Desejo - Conto Sáfico
Mel está passando pelo surto da pré-adolescência, uma fase cheia de mudanças. No meio disso, se encontra perdidamente apaixonada por uma jogadora de Handebol. Será que tem futuro? Parte 1/4
I
31 Dezembro de 2022
“Oi Iemanjá, sou eu de novo, a Mel… Desculpa encher o saco da senhora, sei que hoje todo mundo deve estar te pedindo um monte de coisa e não queria encher o seu ouvido. Se você puder, pode me dar coragem pra eu chegar na Lana? E fazer ela reparar em mim? To fazendo tudo certinho no barracão e fiz uma oferenda linda pra senhora! Se não puder, tudo bem, mas se fizer eu vou ficar muito feliz!” – Empurro o barquinho de oferenda pra ela no mar, enquanto oro com todo o meu amor e fé. – “E não se preocupe, eu já tenho 14 anos! Meu pai diz que está no tempo de amar e eu já amo a Lana! Tô pronta pra seguir com isso, não vou deixar de fazer nada no barracão, Prometo!” – Uma onda bate forte em mim e quase vira meu barco com as oferendas.
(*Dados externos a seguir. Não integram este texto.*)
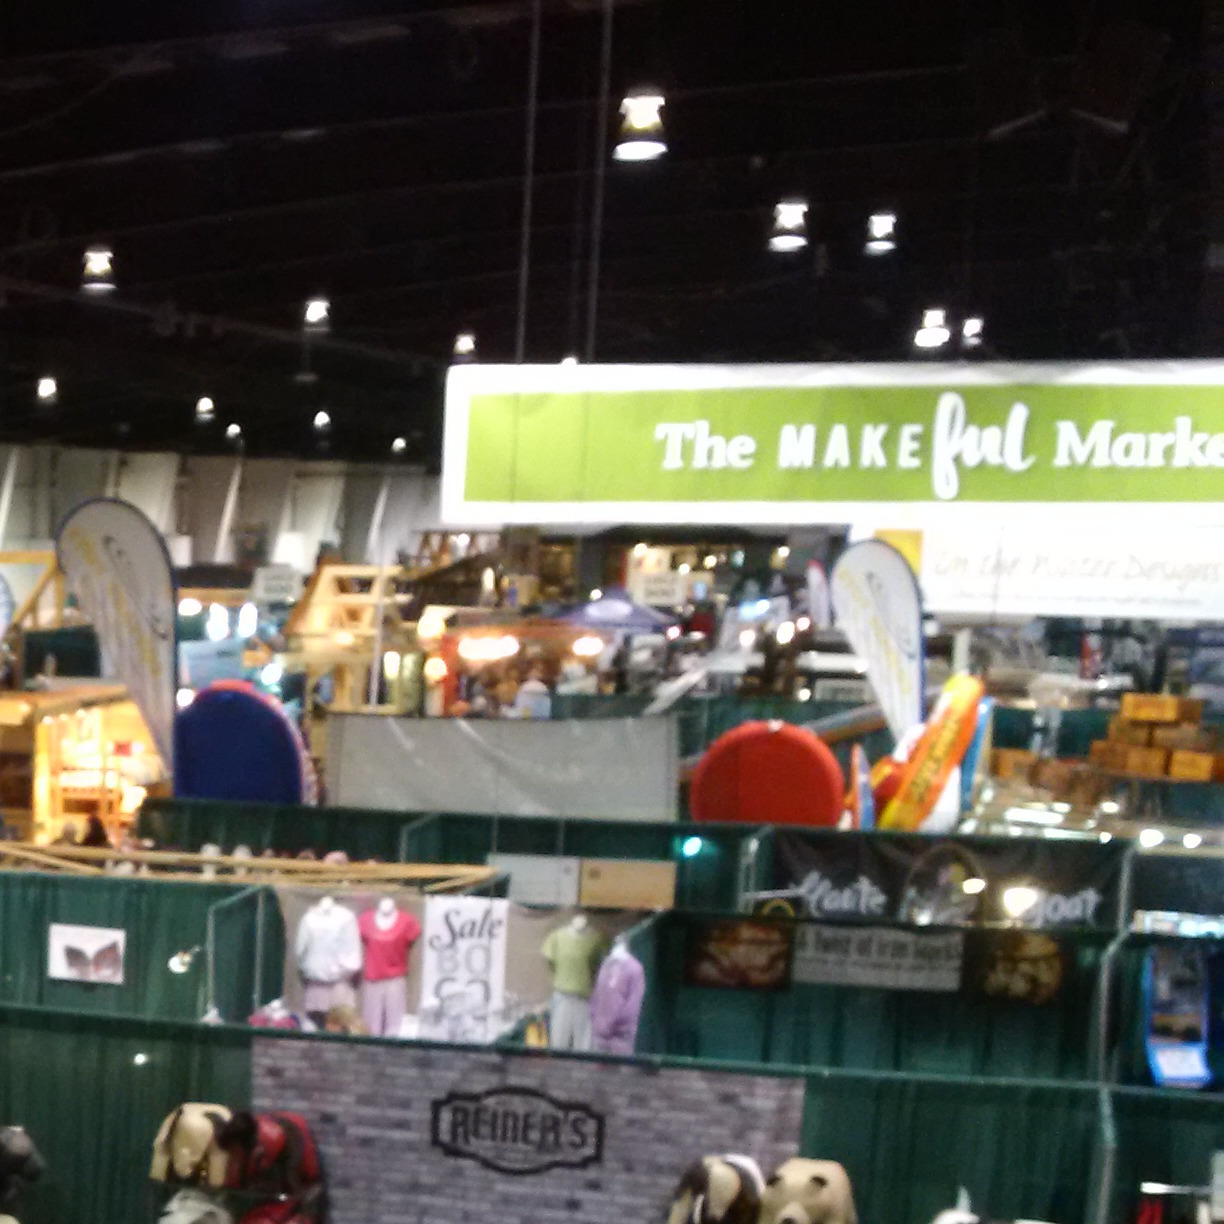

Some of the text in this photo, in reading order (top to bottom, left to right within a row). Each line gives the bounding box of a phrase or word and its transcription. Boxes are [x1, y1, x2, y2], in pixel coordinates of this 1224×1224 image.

[655, 420, 758, 470] The
[429, 907, 503, 950] Sale
[449, 1101, 591, 1154] REINER'S
—Ei! Eu prometo! Eu consigo lidar com estar apaixonada por Lana Ferreira de Sá e ainda assim fazer minhas obrigações! Vou fazer ela muito feliz, você vai ver, esse vai ser meu ano!
14 de fevereiro de 2023
De um dia pro outro, eu deixei de ser criança, e admito que eu não entendi exatamente quando foi. Não sei se foi quando começaram a crescer pelos por todos os lados, ou no dia em que praticamente tive um ataque de nervos, gritando com os meus pais pela coisa mais besta do mundo ( fiquei de castigo por duas semanas), ou então… quando minha visão sobre as mulheres começou a mudar e ninguém, absolutamente ninguém, foi me explicar o quê estava acontecendo.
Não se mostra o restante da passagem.